The best way to make a goaltender in today's NHL look good - without paying the biggest name the most money - is to have the best defense.

The Flyers added Jody Shelley (above), Andrej Meszaros, and Sean O'Donnell to bolster their defense.  (AP Photo/ David Duprey)
The Flyers added Jody Shelley (above), Andrej Meszaros, and Sean O'Donnell to bolster their defense. (AP Photo/ David Duprey)Read more

The best way to make a goaltender in today's NHL look good - without paying the biggest name the most money - is to have the best defense.

By opening up their checkbook on the first day of free agency yesterday, the Flyers did just that by assembling the most expensive defense corps in the NHL. They did so with the additions of Andrej Meszaros in a trade from Tampa Bay and the signings of Braydon Coburn and Sean O'Donnell.

The Flyers now have $22.9 million tied up next season among six defensemen.

Most of the NHL's top teams spent money on defense yesterday: Pittsburgh shelled out $45 million in long-term deals for Paul Martin and Zybnek Michalek; while New Jersey added Henrik Tallinder and Anton Volchenkov for $39 million. Vancouver added the elusive Dan Hamhuis for $27 million, and Ottawa netted Sergei Gonchar for $16.5 million.

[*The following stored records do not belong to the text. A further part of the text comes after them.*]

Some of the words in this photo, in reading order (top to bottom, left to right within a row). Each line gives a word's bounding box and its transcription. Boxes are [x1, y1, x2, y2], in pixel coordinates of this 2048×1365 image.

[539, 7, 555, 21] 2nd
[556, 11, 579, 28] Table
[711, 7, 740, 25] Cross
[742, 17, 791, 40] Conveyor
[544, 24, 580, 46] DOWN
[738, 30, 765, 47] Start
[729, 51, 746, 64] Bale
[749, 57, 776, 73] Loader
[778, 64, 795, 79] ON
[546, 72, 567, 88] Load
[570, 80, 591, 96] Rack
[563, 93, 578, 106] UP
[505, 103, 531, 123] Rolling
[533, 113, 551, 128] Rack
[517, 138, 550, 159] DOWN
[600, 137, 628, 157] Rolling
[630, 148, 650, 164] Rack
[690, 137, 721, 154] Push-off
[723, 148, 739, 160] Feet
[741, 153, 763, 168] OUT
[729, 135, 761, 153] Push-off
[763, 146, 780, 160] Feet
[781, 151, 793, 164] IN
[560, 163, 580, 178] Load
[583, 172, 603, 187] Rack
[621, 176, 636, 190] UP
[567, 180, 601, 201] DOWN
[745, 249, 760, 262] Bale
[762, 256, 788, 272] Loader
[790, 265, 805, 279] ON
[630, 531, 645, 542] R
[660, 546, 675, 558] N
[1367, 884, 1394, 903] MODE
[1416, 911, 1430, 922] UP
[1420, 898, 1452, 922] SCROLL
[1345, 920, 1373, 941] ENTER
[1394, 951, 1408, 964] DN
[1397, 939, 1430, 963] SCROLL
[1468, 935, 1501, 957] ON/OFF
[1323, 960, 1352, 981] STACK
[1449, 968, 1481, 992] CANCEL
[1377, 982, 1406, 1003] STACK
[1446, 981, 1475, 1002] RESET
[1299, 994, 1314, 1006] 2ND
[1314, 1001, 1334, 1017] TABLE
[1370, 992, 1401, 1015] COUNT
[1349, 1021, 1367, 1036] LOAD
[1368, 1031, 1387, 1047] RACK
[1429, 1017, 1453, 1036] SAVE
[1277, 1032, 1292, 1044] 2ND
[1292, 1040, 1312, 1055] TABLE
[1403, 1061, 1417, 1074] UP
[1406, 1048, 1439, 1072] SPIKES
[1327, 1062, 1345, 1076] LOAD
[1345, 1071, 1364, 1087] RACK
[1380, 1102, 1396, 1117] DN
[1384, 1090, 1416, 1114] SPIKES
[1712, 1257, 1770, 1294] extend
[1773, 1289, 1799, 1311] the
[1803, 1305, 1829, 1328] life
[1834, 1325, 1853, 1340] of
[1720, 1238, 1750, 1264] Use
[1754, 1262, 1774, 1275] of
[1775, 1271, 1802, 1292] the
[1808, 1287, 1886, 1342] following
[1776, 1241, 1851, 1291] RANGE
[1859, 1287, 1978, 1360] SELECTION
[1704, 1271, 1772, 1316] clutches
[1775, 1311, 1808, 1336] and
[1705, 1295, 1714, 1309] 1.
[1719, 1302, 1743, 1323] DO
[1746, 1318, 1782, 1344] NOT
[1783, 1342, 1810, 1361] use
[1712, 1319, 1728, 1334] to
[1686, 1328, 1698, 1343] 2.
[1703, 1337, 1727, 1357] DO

After signing Michael Leighton to a 2-year contract extension on Tuesday night, Flyers general manager Paul Holmgren's biggest item remaining on the offseason checklist was to re-sign Coburn, a restricted free agent.

Coburn, 25, signed a 2-year, $6.4 million contract that will make him the Flyers' fifth-most expensive defenseman next season, behind Kimmo Timonen, Chris Pronger, Matt Carle and Meszaros.

It's a big raise from the $1.3 million Coburn earned last season, which Holmgren acknowledged earlier in the week was a bargain for his minutes and role. The two sides weren't close to an extension during the regular season and for much of the offseason.

"I wouldn't say it's been stressful," Coburn said. "I think Mr. Holmgren and my agents did a good job of hammering out a deal, and it got done. I think everyone was pretty optimistic that it was going to get done, and I think it got done in a pretty timely and good fashion.

"I like the group we've got, and I think with [yesterday's] additions, I think that definitely makes our 'D' corps . . . It's got to be one of the top in the league, I would think."

Just before the Flyers re-signed Coburn, they added a more expensive option in a trade with the Lightning. The Flyers traded a second-round pick in 2012 to Tampa Bay for Meszaros, 24, who brought with him a 4-year deal with $16 million remaining.

Meszaros (pronounced MEH-zahr-ohsh) found success early in his career with Ottawa - with 35 or more points in three straight seasons - but had not lived up to expectations in Tampa the last two seasons after signing a big deal.

Few expected the Flyers to target Meszaros.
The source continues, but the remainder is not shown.